When the damp gusts no longer press with cold, I venture out of my defensive posture, loosening a scarf and breathing deeply for the first time in weeks. It is not painful to inhale—no fit of coughing, no aching lungs. No icy draft scrapes my face like a sandy towel. After a day or two I’m confident enough to peel off layers of clothing with the urgency of someone escaping a muddy shirt or itchy pantyhose. Freedom! How easy it is to love a world in which I can bare my arms, ankles, and throat.
As the senses awaken, so does hope. If the cold can leave so quickly and effortlessly, then perhaps so can other factors that weary and worry me. Maybe the money will stretch further this month. Maybe I will sleep better. Maybe my writing will improve. Maybe my better self will gather energy and live in such a way that I become happier being me.
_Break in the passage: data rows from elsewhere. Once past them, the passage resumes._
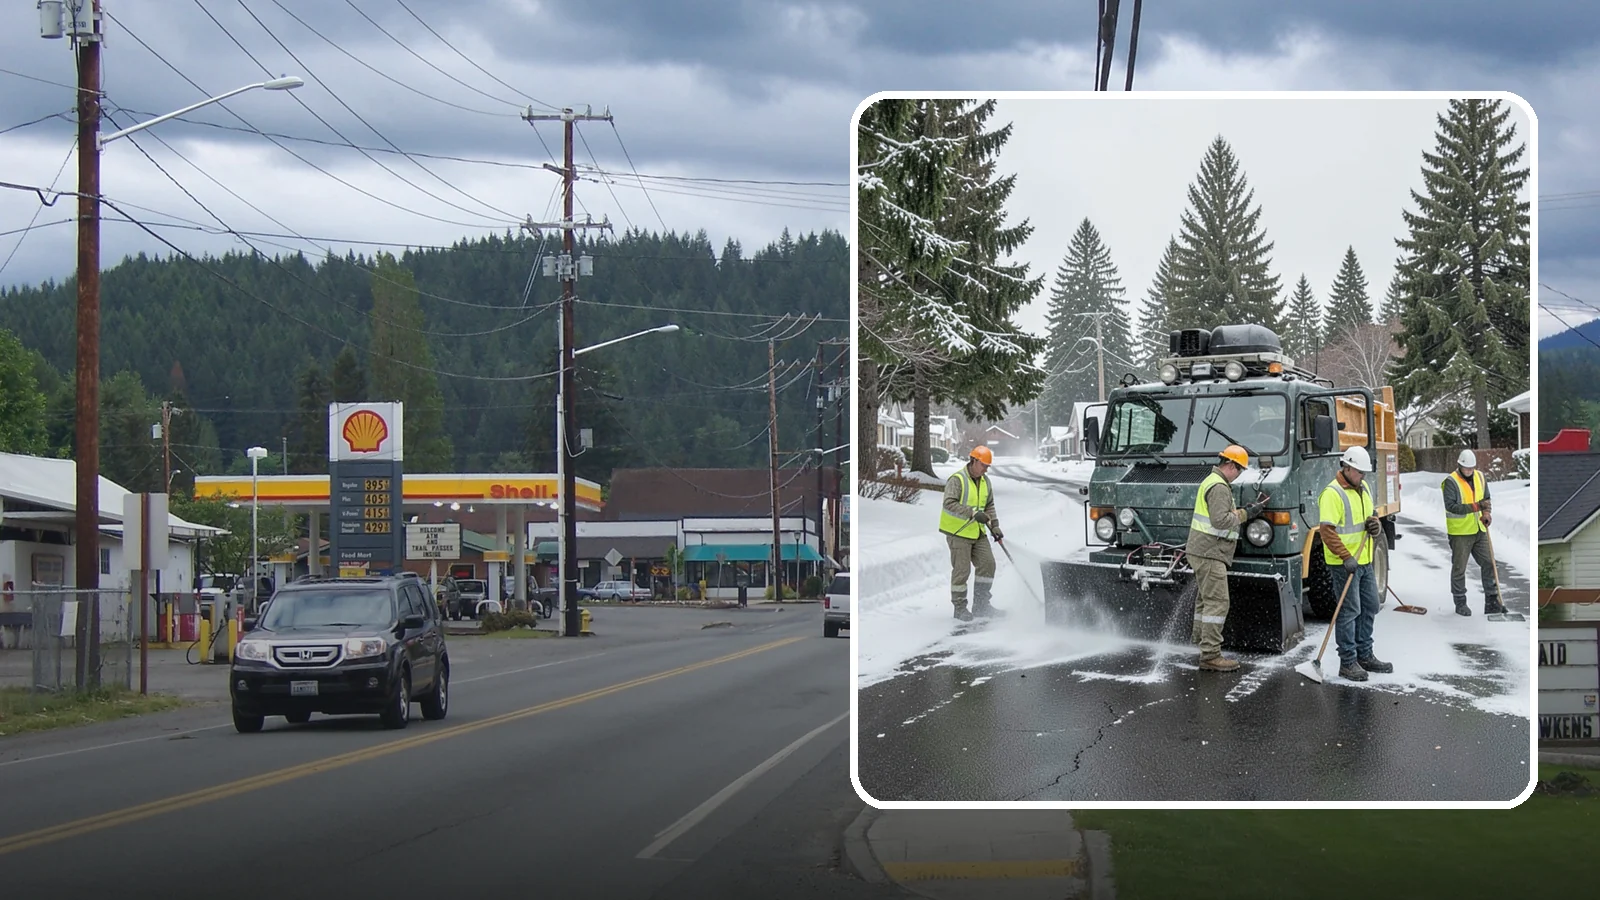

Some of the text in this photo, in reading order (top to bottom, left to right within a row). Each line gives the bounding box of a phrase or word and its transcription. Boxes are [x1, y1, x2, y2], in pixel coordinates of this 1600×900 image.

[365, 480, 384, 490] 395
[490, 484, 548, 499] Shell
[365, 494, 384, 504] 405
[365, 507, 384, 518] 415
[366, 522, 384, 532] 429
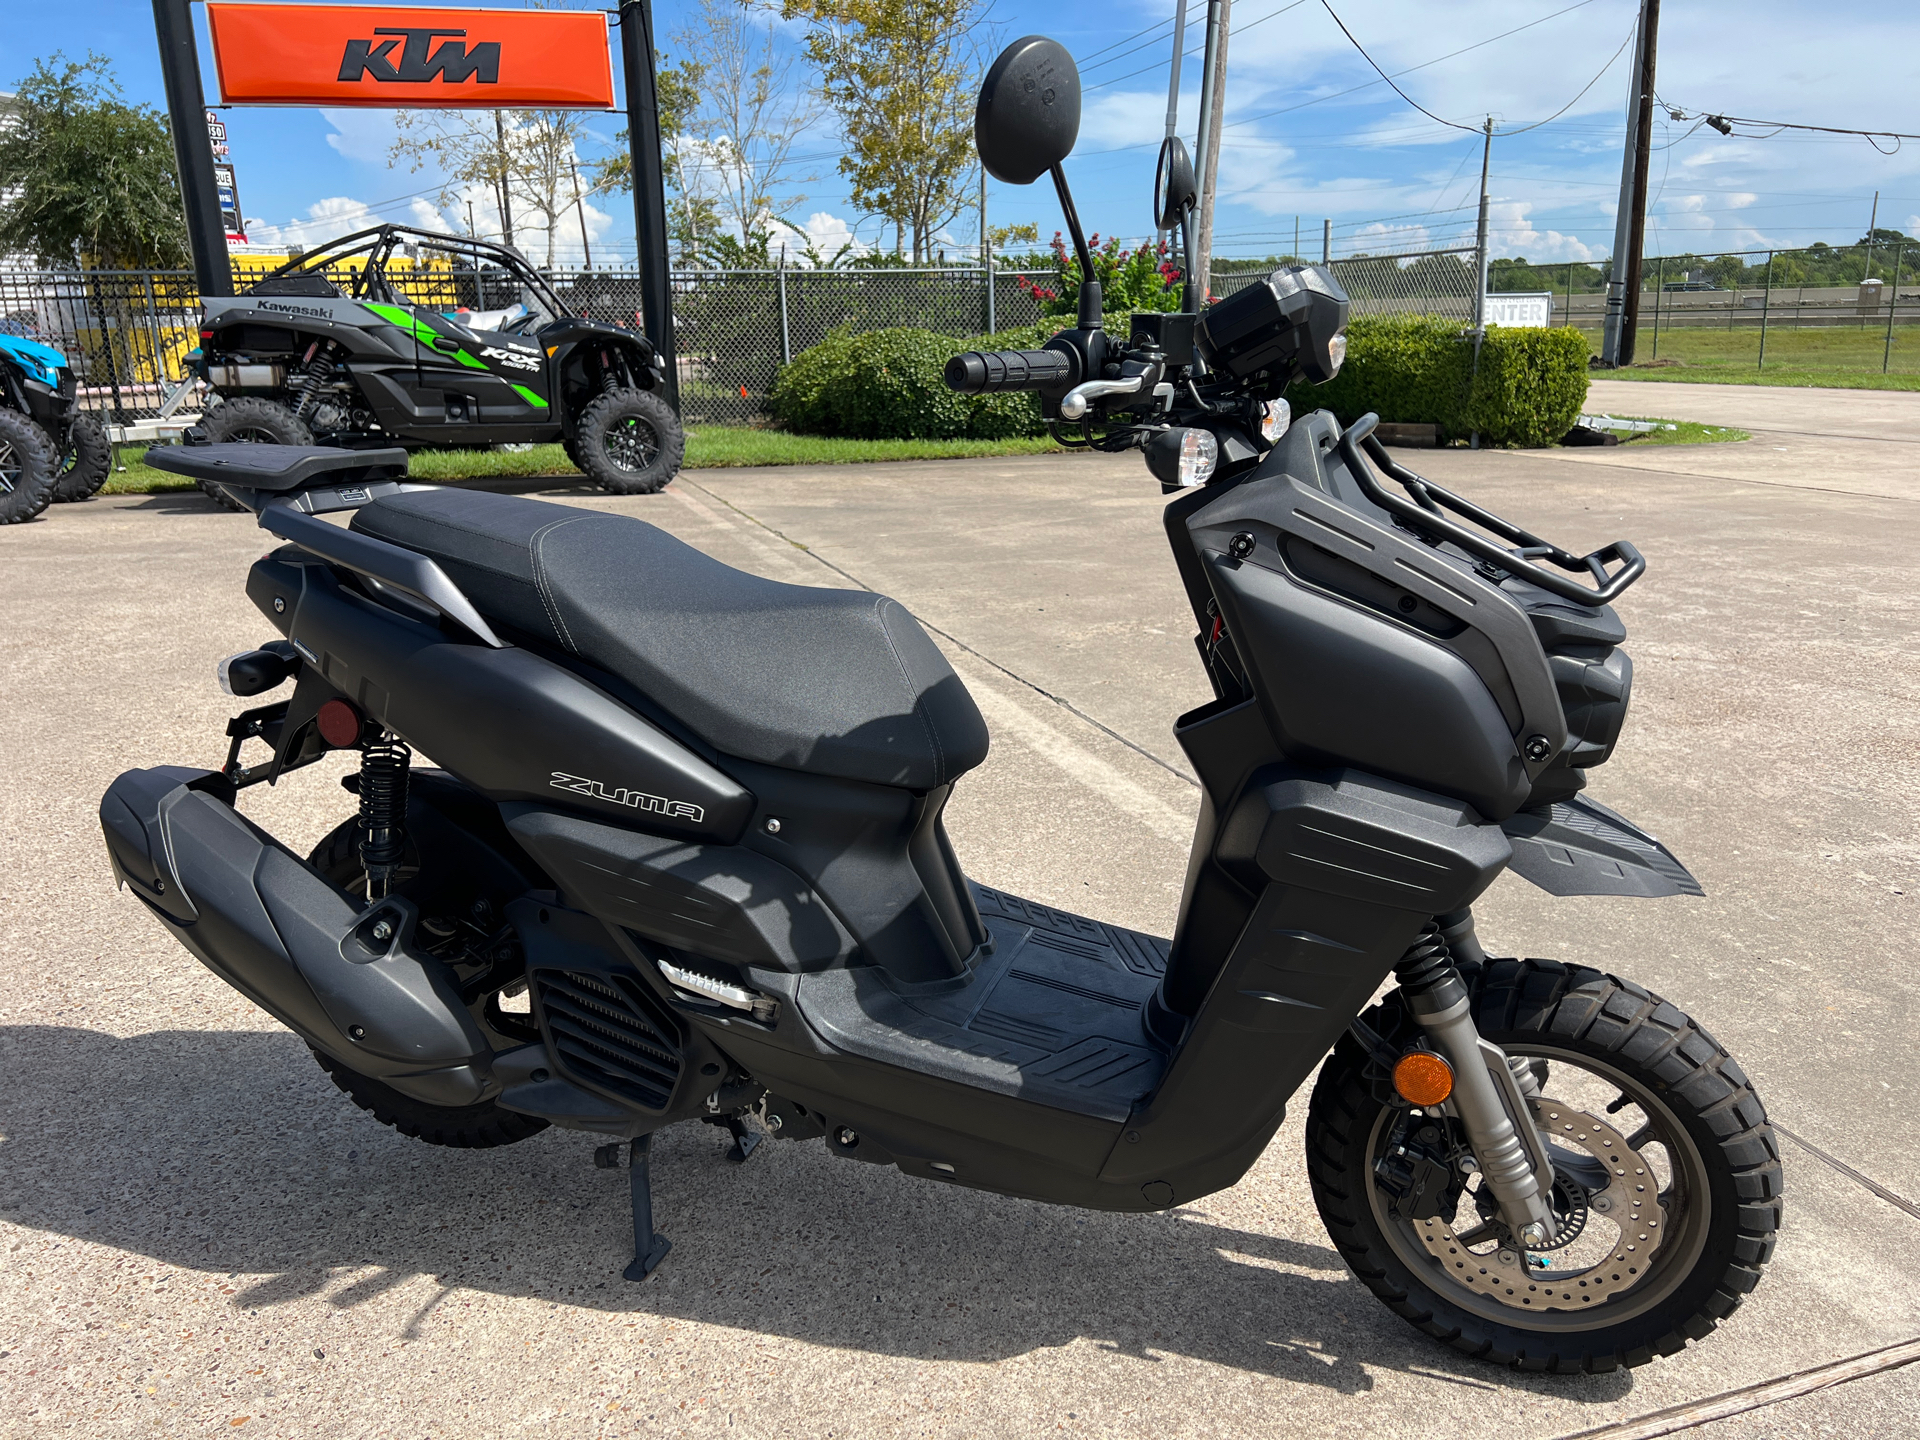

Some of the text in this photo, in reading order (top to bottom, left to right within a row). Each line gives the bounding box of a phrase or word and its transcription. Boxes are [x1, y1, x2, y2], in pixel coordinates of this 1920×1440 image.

[337, 27, 501, 83] KTM
[257, 300, 334, 319] Kawasaki
[480, 346, 542, 367] KRX
[549, 771, 705, 823] ZUMA
The mystics have always said that every movement within has its counterpart without, and vice-versa. So a change in weather—a complete shift of season—fills me with the conviction that my interior life can genuinely change. This sort of hope comes suddenly, with the first fragrant sips of lighter air. And this is dangerous.
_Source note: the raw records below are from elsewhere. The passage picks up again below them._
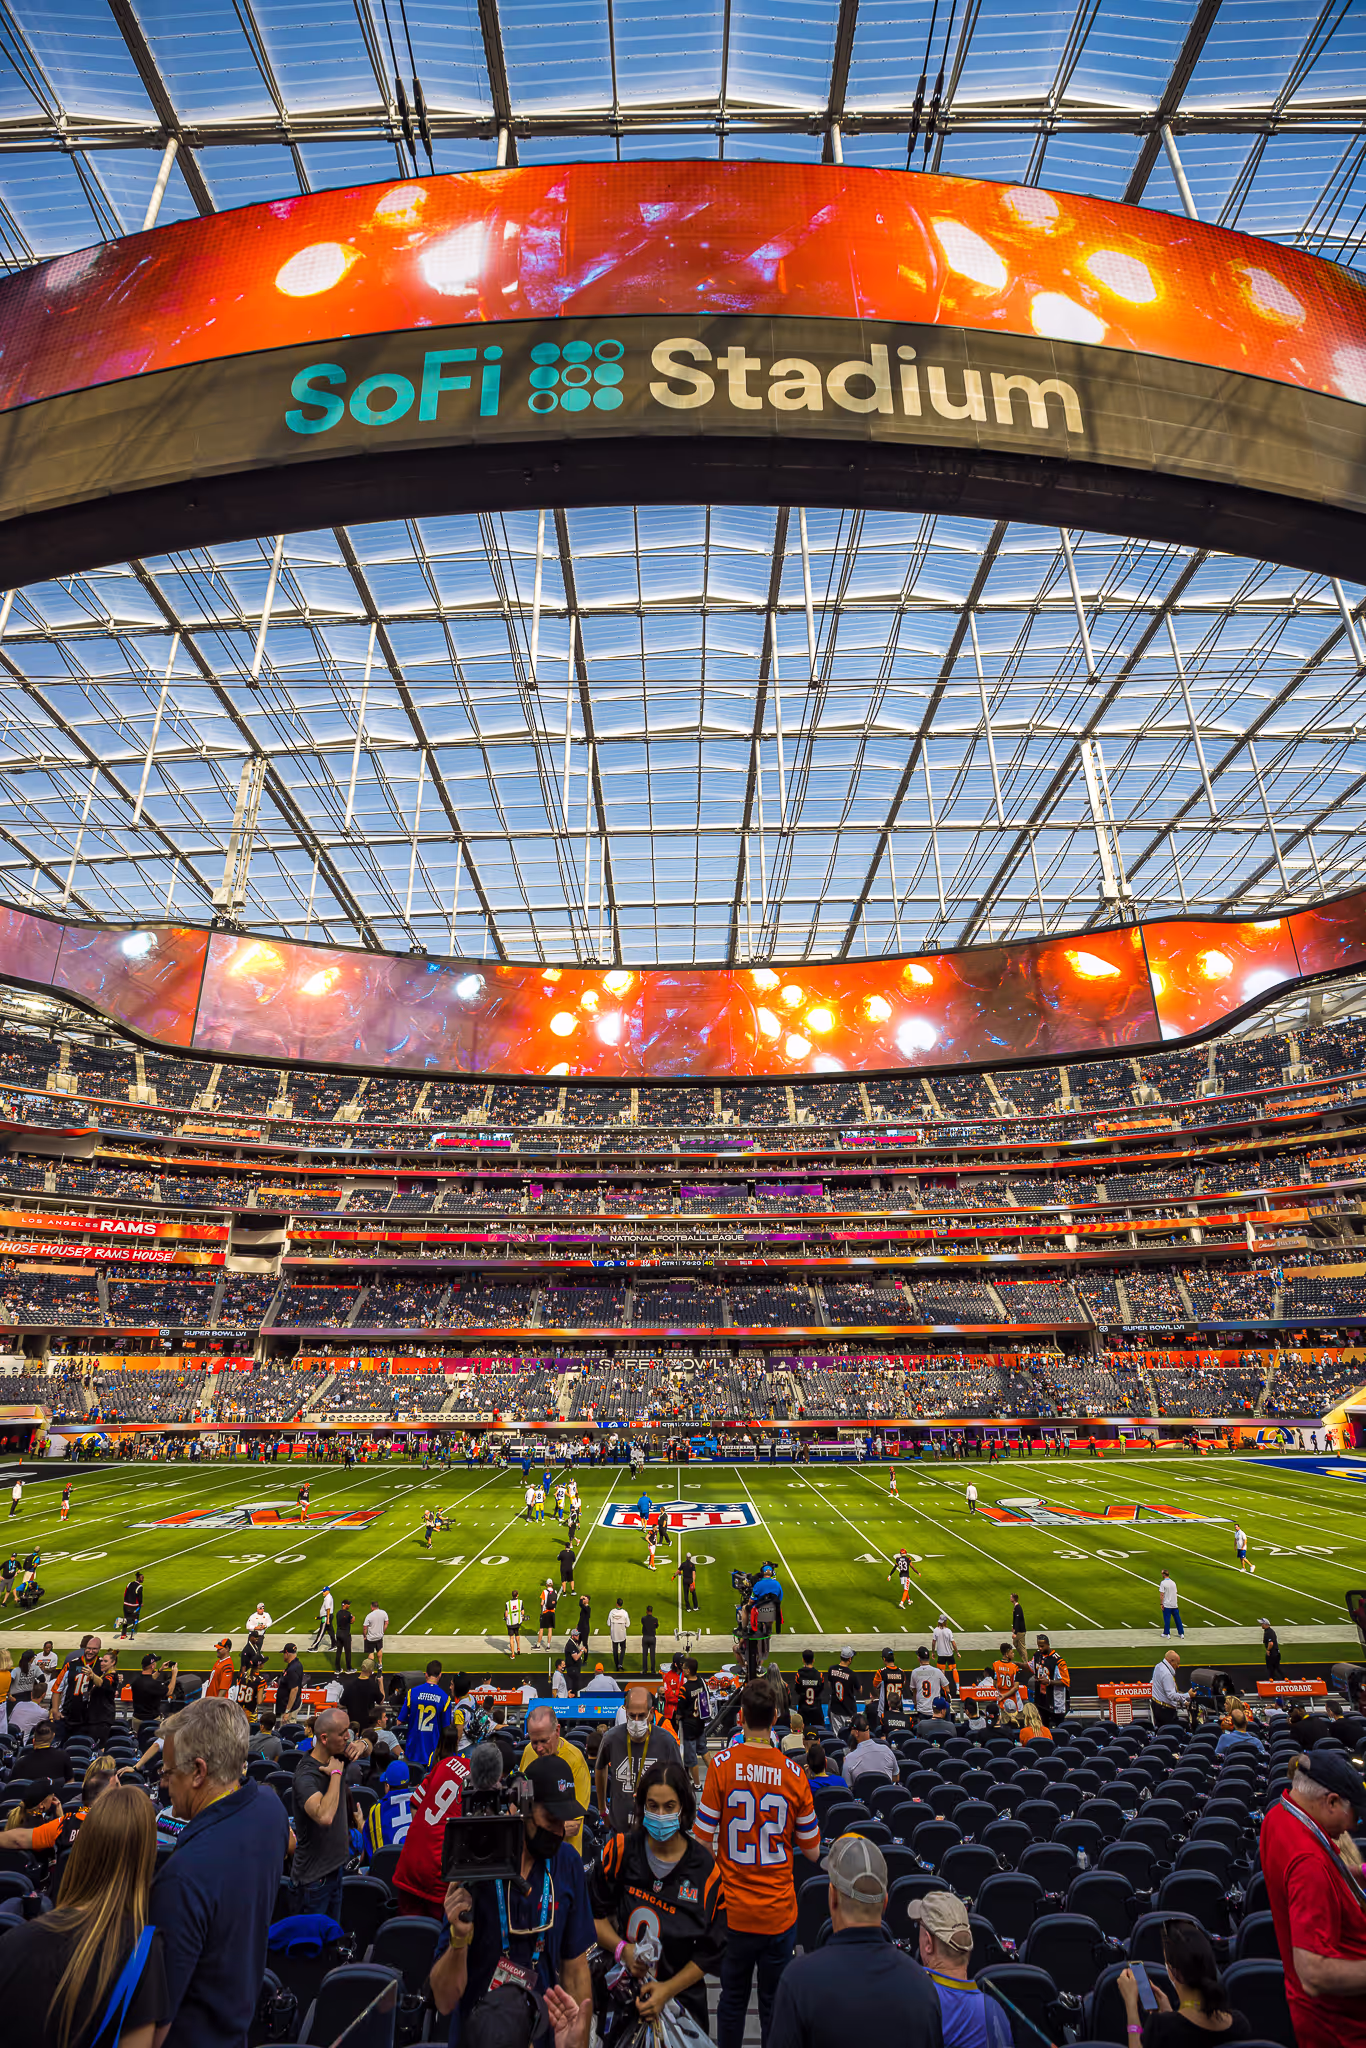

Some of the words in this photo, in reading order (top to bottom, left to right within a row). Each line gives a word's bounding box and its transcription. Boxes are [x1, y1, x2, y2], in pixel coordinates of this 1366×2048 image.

[285, 346, 503, 434] SoFi
[649, 337, 1083, 434] Stadium
[47, 1219, 98, 1228] ANGELES
[99, 1220, 157, 1235] RAMS
[40, 1245, 92, 1257] HOUSE?
[94, 1249, 130, 1260] RAMS
[132, 1251, 176, 1263] HOUSE!
[617, 1512, 742, 1528] NFL
[920, 1680, 932, 1698] 9
[999, 1673, 1012, 1688] 76
[1275, 1684, 1313, 1693] GATORADE
[237, 1683, 254, 1703] 58
[417, 1692, 442, 1704] JEFFERSON
[805, 1687, 815, 1706] 9
[834, 1681, 844, 1702] 9
[1114, 1688, 1151, 1696] GATORADE
[417, 1704, 437, 1732] 12
[887, 1719, 906, 1727] BURROW
[713, 1750, 731, 1768] 2
[785, 1758, 801, 1777] 2
[735, 1762, 782, 1787] E.SMITH
[424, 1779, 459, 1826] 9
[727, 1788, 788, 1866] 22
[628, 1886, 677, 1915] BENGALS
[679, 1885, 698, 1900] LVI
[499, 1961, 526, 1978] GAMEDAY
It is dangerous because hope is always risky. Hope teases me loose in the same way the late April wind frees my hair from a jacket collar—the movement is instantaneous, reckless, and trembling toward possibility. You cannot hope in safety, not really. Just as a spring morning compels my feet out into the day, hope moves me, against common sense, into a field spacious enough for grand, shimmering dreams. In that place and moment, I know how wonderful life could be. Not only do I know what life could be, but I begin to want a deeper one, a life more expansive and satisfying than the one I now have, a life as unreasonable and luxurious as a long row of crabapple trees fully in bloom.
Spring is dangerous because it seduces me to desire. During this season more than any other, my loves and whims, my wants and schemes, follow grumpy bear out of his cave. Everything feels more possible when the days turn gentle. And once those tones of young green burst into the landscape—all the lilies and peonies, daffodils, oak leaves and mulberry leaves, lettuce, oregano, and wild onion—well, desire becomes delirium. I might just fall in love with five different people on the same day. I might imagine a novel so artful and heartbreaking that I will ruin the next ten years of my life trying to write it. Dear Jesus, how desire can undo us completely, can manifest inside us like floods of adrenalin or visions of the desert mothers.
This is why spring is dangerous. The whole natural world—breezes to blackbirds, shine of sun to blanket of bluebells—comes at me in a lovely tumble of song, texture, taste, color, and wind. Who can hold up against this all-out campaign of joy? How can the heart then stay in winter?
I believe that this surge of desire is responsible for the many romances of spring. And even when you have no romance, if you will allow the season’s process to move you, you can feel yourself greening and growing, getting beautiful, and looking forward. You might just envision yourself loved and loving. You might take a chance and say hello to someone new and not disappear into layers of wool before that person can respond in kind.
It is a perilous thing to desire a good life, even more so to open your soul wide enough for goodness to come in, for hope to make itself at home, for desire to set up her studio and start throwing paint all over the room, for the little birds to perch on your best furniture and chirp their enigmatic songs of praise. We develop some comfort in the winter rooms, wrapped in sweaters with our doors shut tight against just about everything. Unlike the bear, we do not fast at all, but fill up on whatever gives us comfort and a passing sort of calm. If we’re not careful, when winter leaves we won’t emerge hungry for what is wonderful but will waddle out, already full of anxieties and hurts, fearful of the new light and the spongy ground. Vivid colors make us nervous, and the bird chants are merely nerve-wracking. Spring puts us on alert. It does not feel like hope but pricks our nostrils like the pungent threat of change.
Well, let the spring days come. May their breezes toss me end over end, if that’s what it takes to jar the door and slip its latch. May wild desires move through me like a recurring ache until I get into motion and turn winter flab into muscle. May I trip over mossy roots or stumble while looking up at clouds and sparrows—any jolt or turn that will elicit some deep, healthy breaths.
For anyone who reads this: I sincerely hope that Spring overcomes you, that it unhinges and undresses you. Be brave and listen to one bird sing, and not for a few seconds but for three entire minutes. After that, with all your soul you will desire the next note, and the next. And after that, it will be impossible to stop listening.